結果は、安倍首相が553票を獲得し、石破氏の254票を上回りました。ただ、地方票を比べると、安倍首相の224票に対し、石破氏は45%にあたる181票を集めました。このため、自民党内では安倍首相の圧勝という声の一方で、石破氏の善戦との見方も広がりました。
過去の総裁選でも地方票がカギを握ったことがあります。小泉純一郎氏が3度目の挑戦で勝利した2001年の総裁選です。このときは、小泉氏が地方票で圧勝。「選挙の顔」でもある総裁選びは国会議員票に影響を与え、小泉氏当選の流れを作りました。
では、世論調査で自民支持層は「次の首相」について、どう考えているのでしょうか。
朝日新聞の全国世論調査(郵送)は3月上旬~4月中旬、憲法や政治意識について尋ねました。

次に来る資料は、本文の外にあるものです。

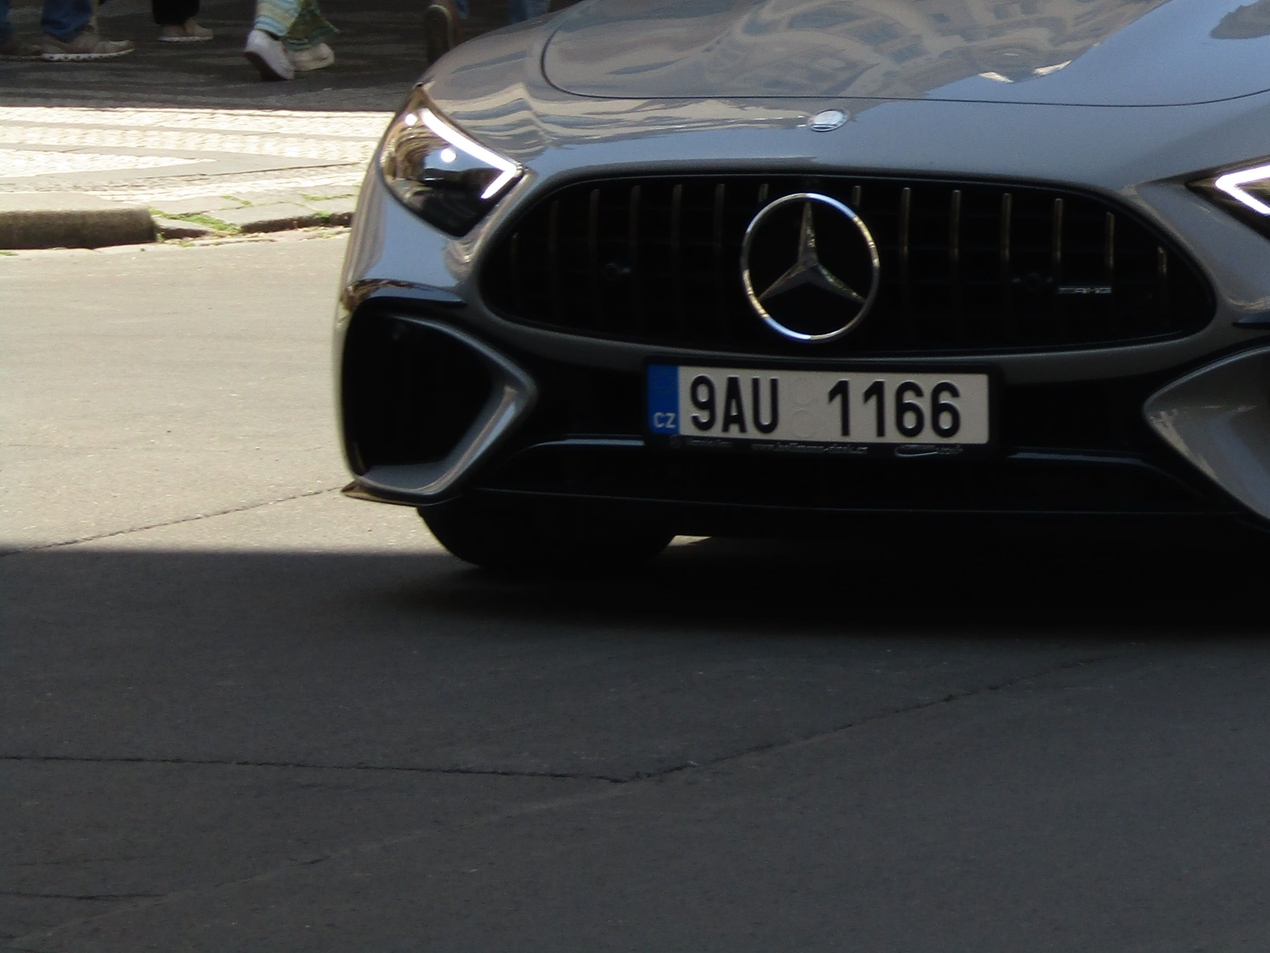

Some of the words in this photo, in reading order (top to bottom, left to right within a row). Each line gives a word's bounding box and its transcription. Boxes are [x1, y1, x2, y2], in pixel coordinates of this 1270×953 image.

[653, 411, 676, 429] CZ
[691, 375, 779, 434] 9AU
[828, 380, 961, 437] 1166

有権者全体では、安倍首相の「次の首相」は、安倍政権の路線を「引き継がないほうがよい」57%が「引き継ぐほうがよい」34%を上回りましたが、自民支持層では「引き継ぐほうがよい」60%が「引き継がないほうがよい」33%を上回りました。
自民支持層は、安倍政権の路線継承を支持しているようです。
そんな自民支持層が推す「次の首相」は、だれでしょうか。6人の名前を挙げて選んでもらいました。

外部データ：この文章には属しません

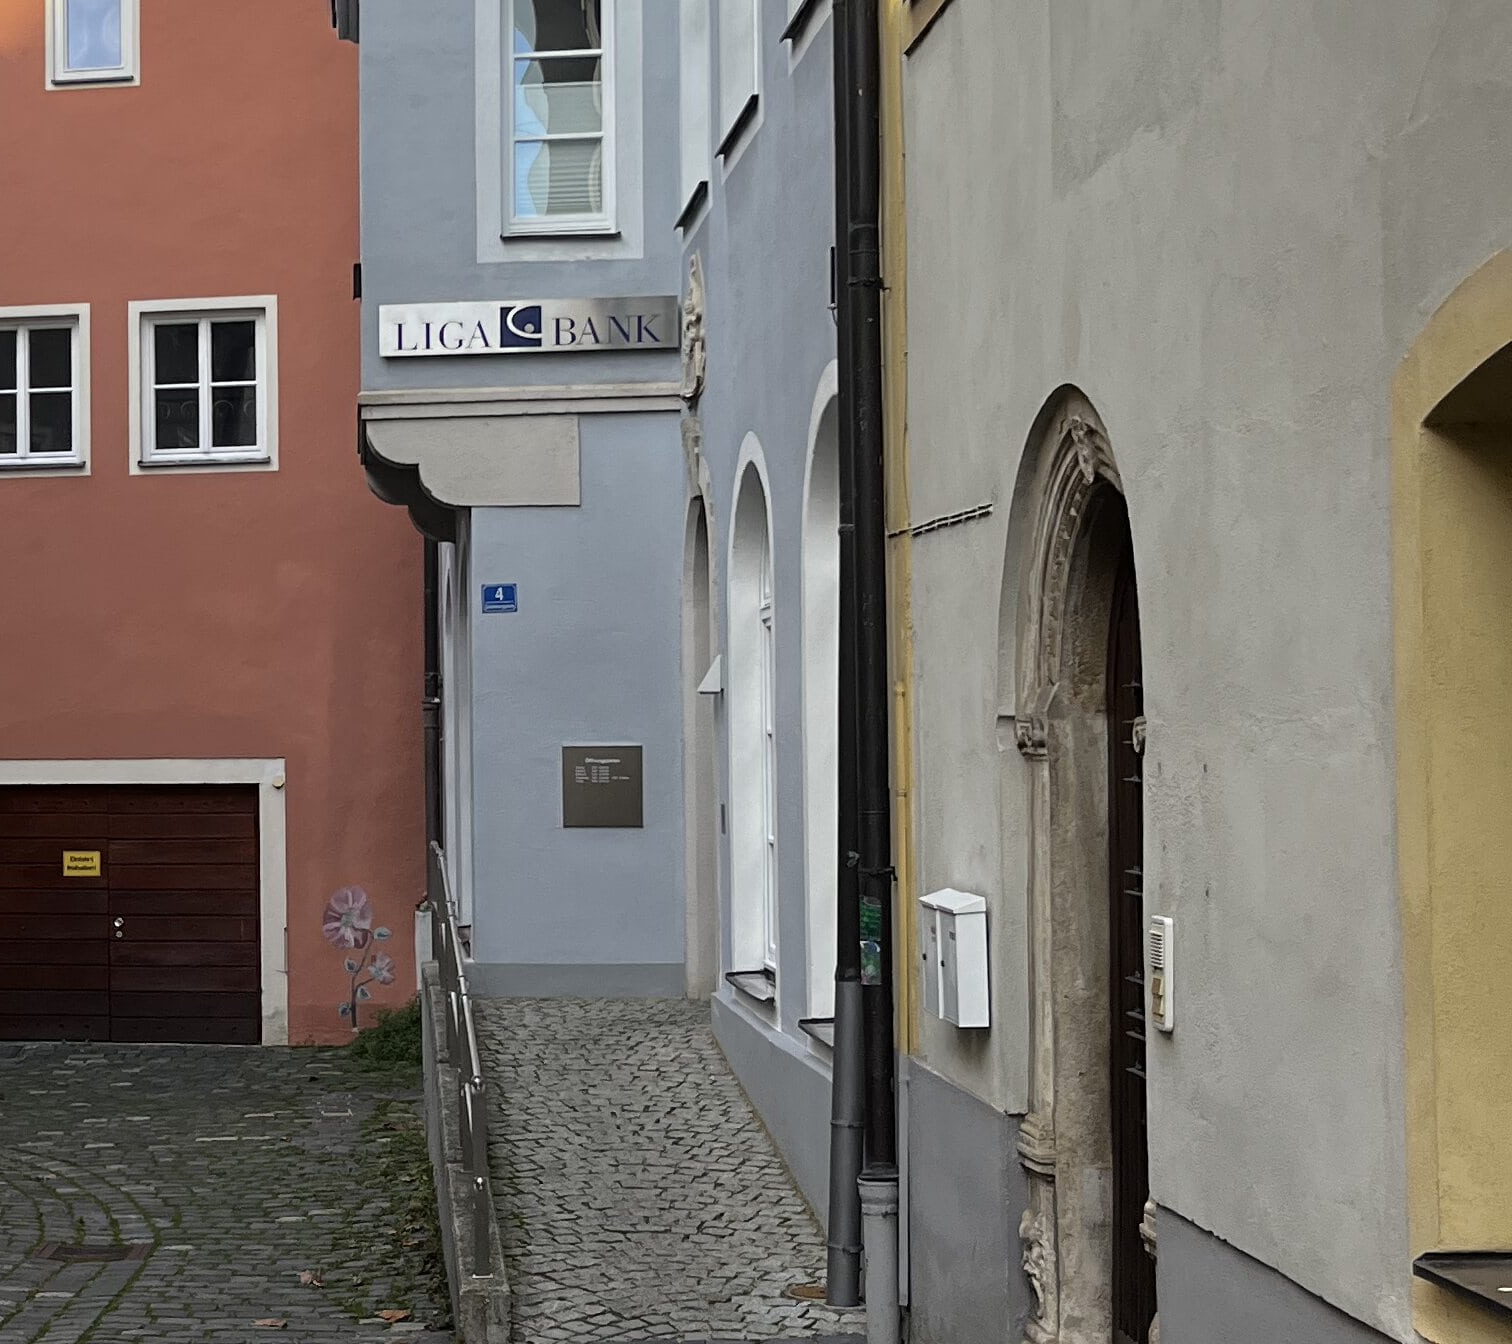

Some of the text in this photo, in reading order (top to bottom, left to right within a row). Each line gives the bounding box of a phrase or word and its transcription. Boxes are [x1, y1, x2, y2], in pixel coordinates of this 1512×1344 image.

[394, 314, 661, 351] LIGA BANK
[494, 587, 504, 601] 4

全体と同様に、自民支持層でも石破氏がトップでした。ただ石破氏は、一昨年の総裁選で安倍首相と争い、「桜を見る会」問題などで安倍首相や政権に苦言を呈し、距離を取っています。
安倍政権の路線継承を優先するのであれば、安倍首相が「後継者」と目するとされる岸田文雄・政調会長のほか、政権を支える菅義偉・官房長官や河野太郎・防衛相に支持が集まりそうですが、石破氏の半分以下にとどまっています。

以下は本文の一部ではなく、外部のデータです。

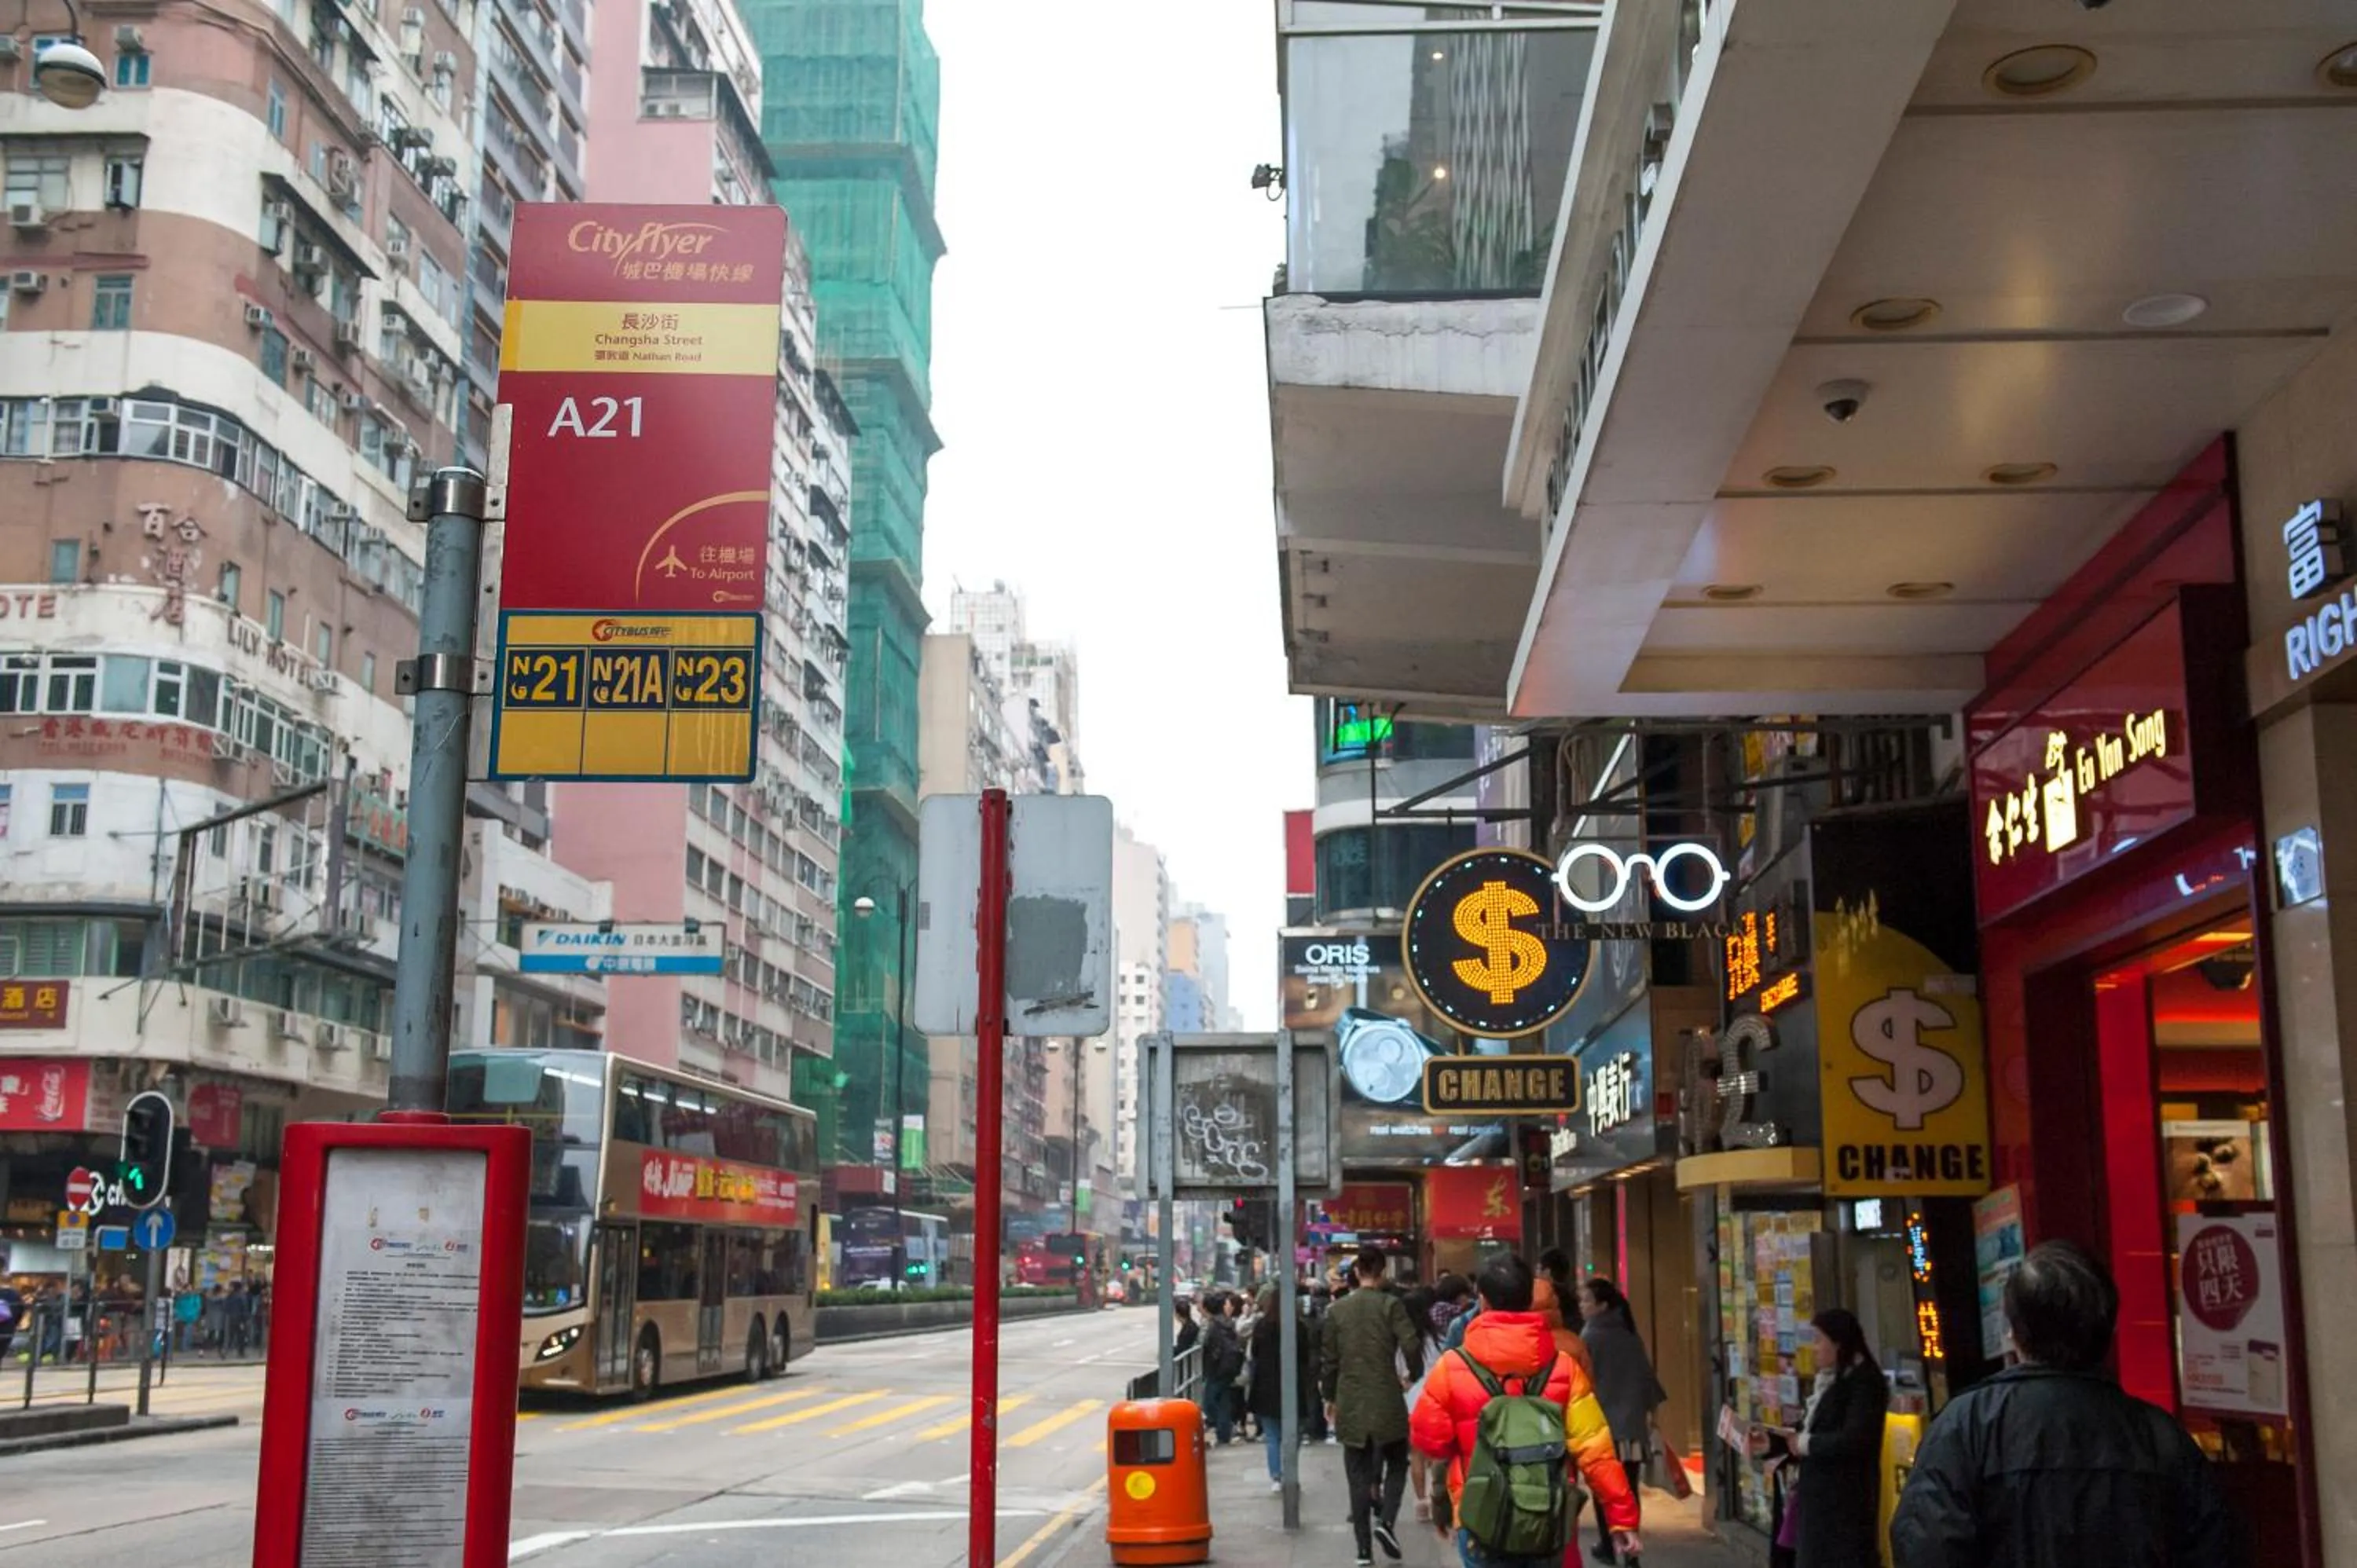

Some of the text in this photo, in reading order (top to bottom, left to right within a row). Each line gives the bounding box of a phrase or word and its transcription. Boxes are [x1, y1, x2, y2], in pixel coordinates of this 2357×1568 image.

[621, 262, 754, 284] 城巴機場快線
[622, 313, 680, 331] 長沙街
[594, 334, 702, 348] Changsha Street
[632, 353, 702, 362] Nathan Road
[548, 396, 643, 438] A21
[699, 546, 755, 564] 往機場
[2283, 499, 2325, 599] 富
[691, 566, 755, 583] To Airport
[228, 618, 261, 655] LILY
[511, 655, 577, 701] N21
[592, 655, 664, 703] N21A
[675, 656, 746, 703] N23
[2076, 709, 2166, 794] Eu Yan Sang
[1985, 772, 2040, 865] 余仁生
[555, 932, 627, 947] DAIKIN
[1536, 921, 1745, 940] THE NEW BLACK
[1305, 943, 1370, 965] ORIS
[1439, 1068, 1566, 1101] CHANGE
[1838, 1145, 1985, 1181] CHANGE
[2199, 1273, 2245, 1306] 四天

一方、自民支持層では「この中にはいない」が22%を占めており、石破氏の支持率とほぼ並んでいます。
それでは、自民支持層は安倍首相の続投を望んでいるのでしょうか。
全体では安倍首相4選に「反対」が66%を占めるなか、自民支持層では賛否が割れていることがわかります。
「次の首相」には安倍政権の路線を継承して欲しいものの、安倍首相と対峙する石破氏がその一番手になっている―。一連の結果からは、そんな自民支持層のジレンマが垣間見えます。
「次の首相」の質問で、石破氏とともに「この中にはいない」が自民支持層の支持を集めているのも、安倍首相の「次」が自民支持層のなかではっきりしていないという迷いの現れなのかもしれません。